The 2015 season was Scott Sunderland's first full year on the road after a successful career on the track as a sprinter. The 28-year-old enjoyed stage wins in America and Australia before taking out the almost 300km Melbourne to Warrnambool classic to close out the year.
Sunderland's season hinted at his potential on the road and saw him ink a deal with Team Illuminate for 2016 alongside fellow Australians, the Scotson brothers. Full of promise, 2016 became Sunderland's annus horribilis as he failed to finish any of the UCI tours he started.
In 2017, a refreshed Sunderland is riding with Australia's premier domestic team, IsoWhey Sports SwissWellness, and as his Tour de Langkawi stage win suggests, is set for his best road season to date.
While team manager Andrew Christie-Johnston has been key to Sunderland's revival, former professional Jeremy Hunt has also been a crucial player over the last six months via the DaybyDay Coaching set up.
"I went with Jez Hunt last year when things weren't going so well after leaving the track programme, and I was in a bit of limbo without a coach and everything like that," Sunderland told Cyclingnews. "Once I met up with Jez, with his guidance and training everything started to get back on track. Being with him got me in good form for this tour and this season. He has been amazing and also a great role model as well which has helped me as well.
"Last year obviously didn't go my way, but it gave me time to refocus and regroup, and I've come out with a lot of fire in the belly. That momentum from training has come through with my racing, which has been great to hit the ground running with results."
Having come from a controlled environment on the track, in comparison to the often chaotic world of road racing, Sunderland explained that while last year had its challenges, he isn't shying away from the tarmac.

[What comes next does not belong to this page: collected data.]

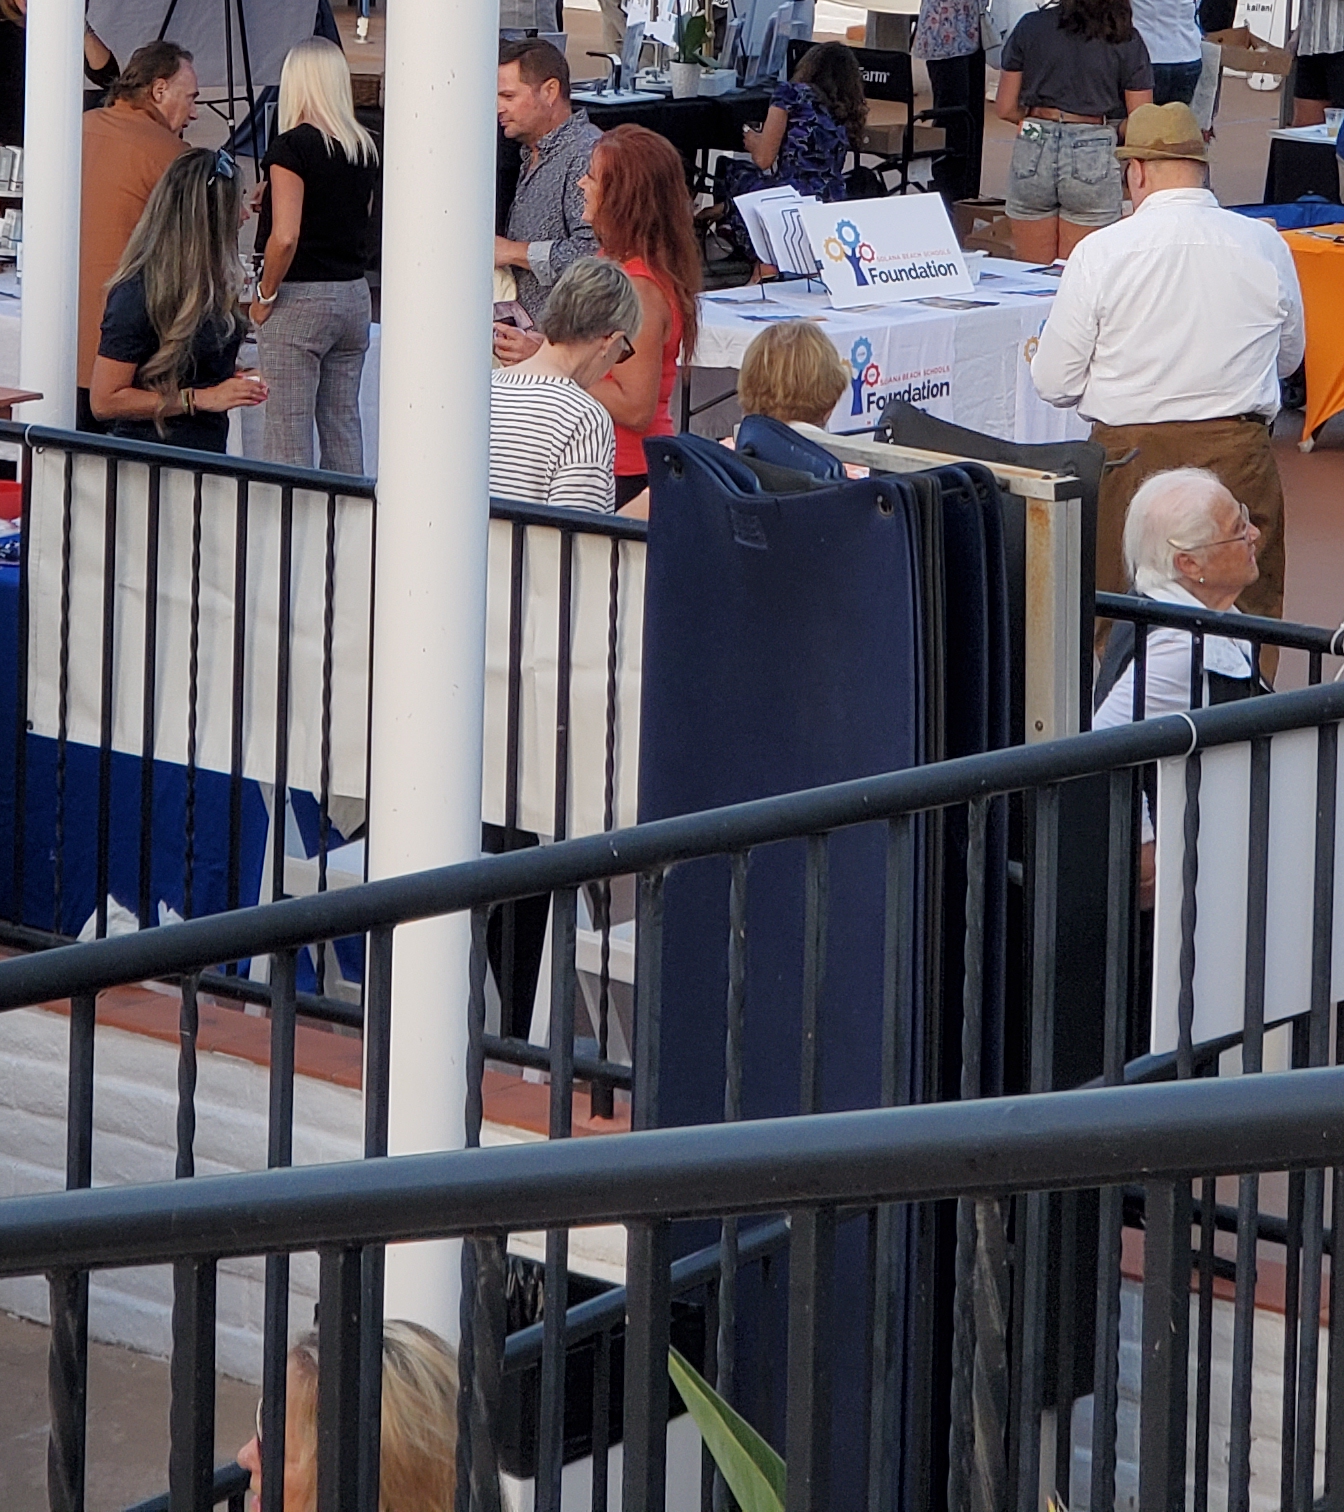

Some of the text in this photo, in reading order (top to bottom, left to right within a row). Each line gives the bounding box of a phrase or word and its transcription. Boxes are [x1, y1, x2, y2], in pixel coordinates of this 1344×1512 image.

[859, 67, 887, 83] arm
[902, 251, 921, 260] BEACH
[868, 260, 958, 285] Foundation
[902, 371, 921, 381] BEACH
[923, 365, 950, 376] SCHOOLS
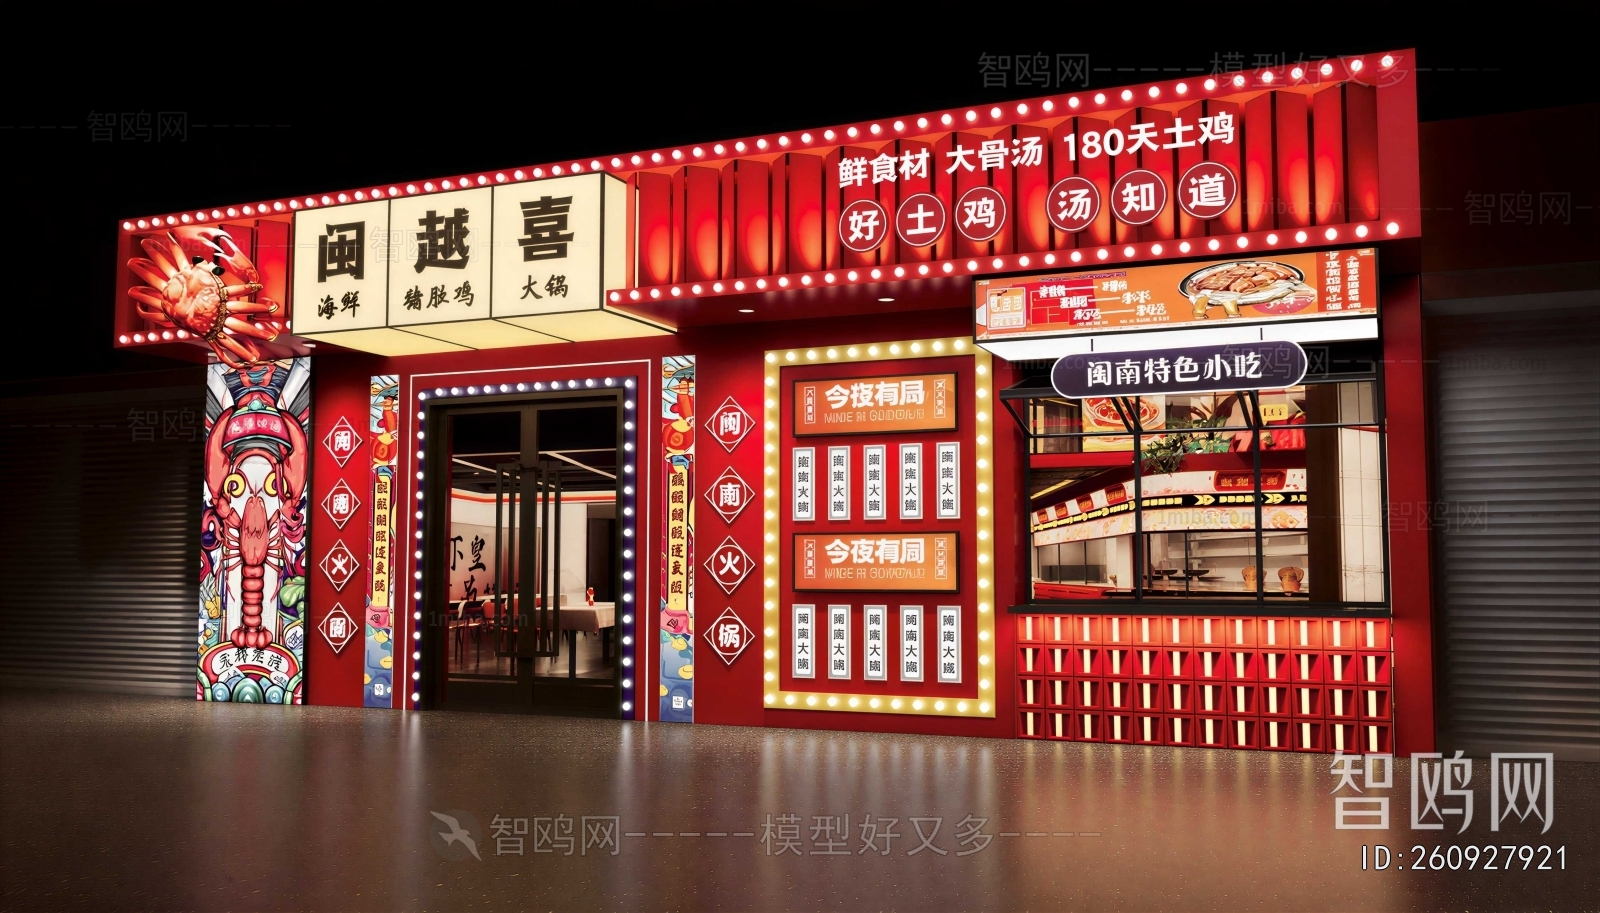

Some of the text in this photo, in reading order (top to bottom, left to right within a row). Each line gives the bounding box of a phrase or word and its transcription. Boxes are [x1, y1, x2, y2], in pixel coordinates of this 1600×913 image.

[838, 111, 1235, 189] 鲜食材 大骨汤 180天土鸡
[1057, 174, 1226, 222] 汤知道
[848, 197, 996, 243] 好土鸡
[317, 290, 361, 320] 海鲜
[520, 274, 568, 301] 大锅
[1087, 351, 1263, 387] 闽南特色小吃

"When this is your job, and you are trying to do the best you can but things aren't clicking, and you aren't having a good year, if anyone isn't enjoying something or things don't go your way you do question if it is worth it," he said. "That is where I come from to start this year, and I am a lot stronger from having had those tougher moments. Especially coming from the sprint programme where everything is pretty set, and you know what you are doing year-to-year. Fully committing to the road you have a lot of inspiration to go well, so when things don't go your way it does become difficult," said the three-time Commonwealth Games gold medallist.
"For me, when I was a junior I loved riding the road and everything I have achieved on the velodrome I am very happy with. I look at what I have done, and I achieved everything I set out except an Olympic medal. Fourth place at the Olympic games was fantastic as well. I was fortunate to make the switch into track endurance which helped flow into being a road rider and I enjoy the sport and doing what I do."

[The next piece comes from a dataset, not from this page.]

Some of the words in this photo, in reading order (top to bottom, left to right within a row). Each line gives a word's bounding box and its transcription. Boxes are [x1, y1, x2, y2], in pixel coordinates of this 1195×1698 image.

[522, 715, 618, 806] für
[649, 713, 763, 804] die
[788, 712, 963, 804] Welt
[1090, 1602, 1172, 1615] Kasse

Looking to emulate the likes of Theo Bos in transferring his mega track watts on to the road, at 28 there could be suggestions that Sunderland has left it too late. However, Sunderland believes that having avoided major injuries and "years of being burnt out mentally", he feels as young as a junior and it's one number that he doesn't lose sleep over.
While some riders in Sunderland's position would be concerned with racing the biggest possible races to fast-track their move into the Pro Continental or WorldTour ranks, he is focused on winning. Be that a club race or the Tour de France should he make it one day.

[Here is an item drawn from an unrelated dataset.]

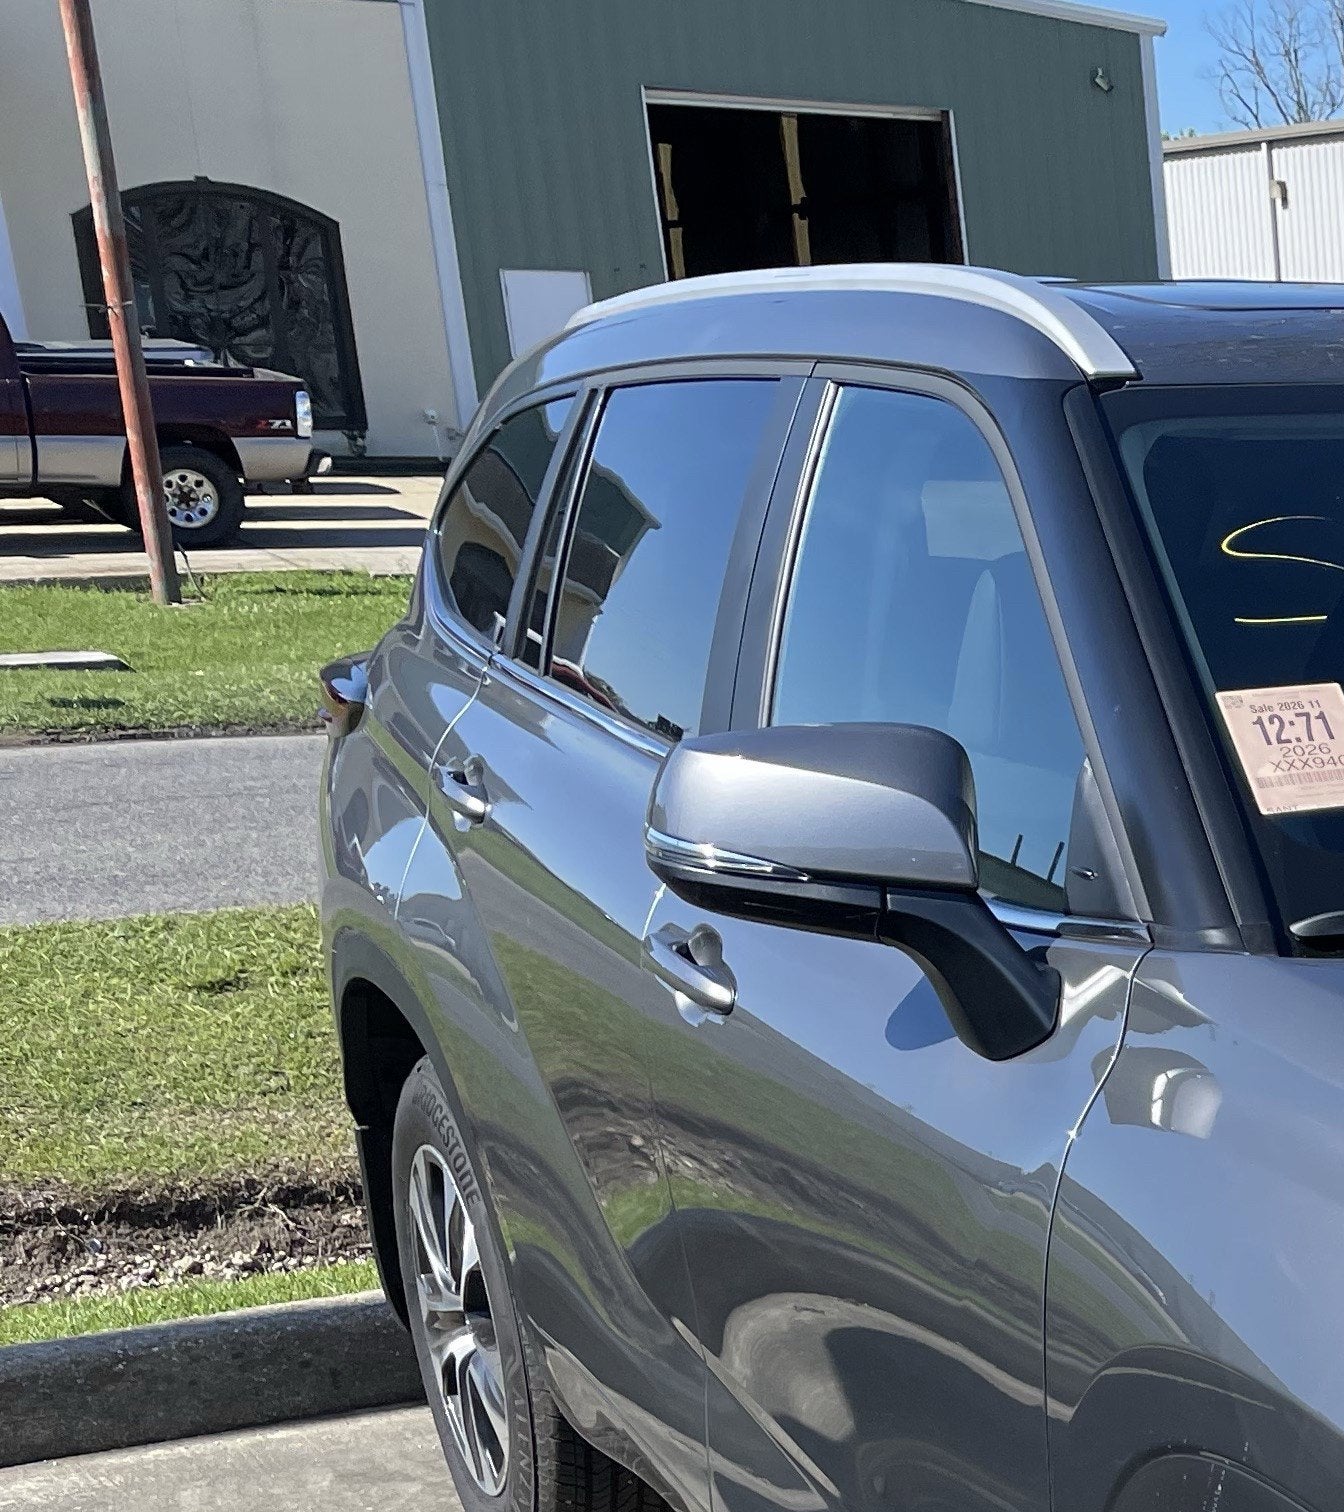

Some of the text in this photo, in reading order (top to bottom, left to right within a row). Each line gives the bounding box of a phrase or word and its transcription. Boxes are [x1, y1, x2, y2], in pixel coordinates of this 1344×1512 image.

"For me, I am the type of rider who enjoys racing whatever race I race, and I give it my best regardless of being a club crit or a race like Langkawi. I don't see any difference, I always want to be up for the win and try and put myself in the best situation," added Sunderland, who will race in Europe for the first time with IsoWhey Sports SwissWellness later this year.
Since making the full-time move from the track, Sunderland has shown his ability to win at one-day races or stage races. Both events allowing Sunderland to equally express his 2000 watt plus prowess in a sprint.
In 2017, Sunderland is aiming to show his growth and progress on the road while continuing to build his chase as one of the sprinters to watch.
"The thing with being a sprinter is that you always want to see where you stack up against the top guys. In training, you can hit big numbers, but you never know until you get the opportunity," he said.
Having taken his so far limited opportunities with both hands, Sunderland is well on his way to proving himself as a sprinter. Both on the track and the road.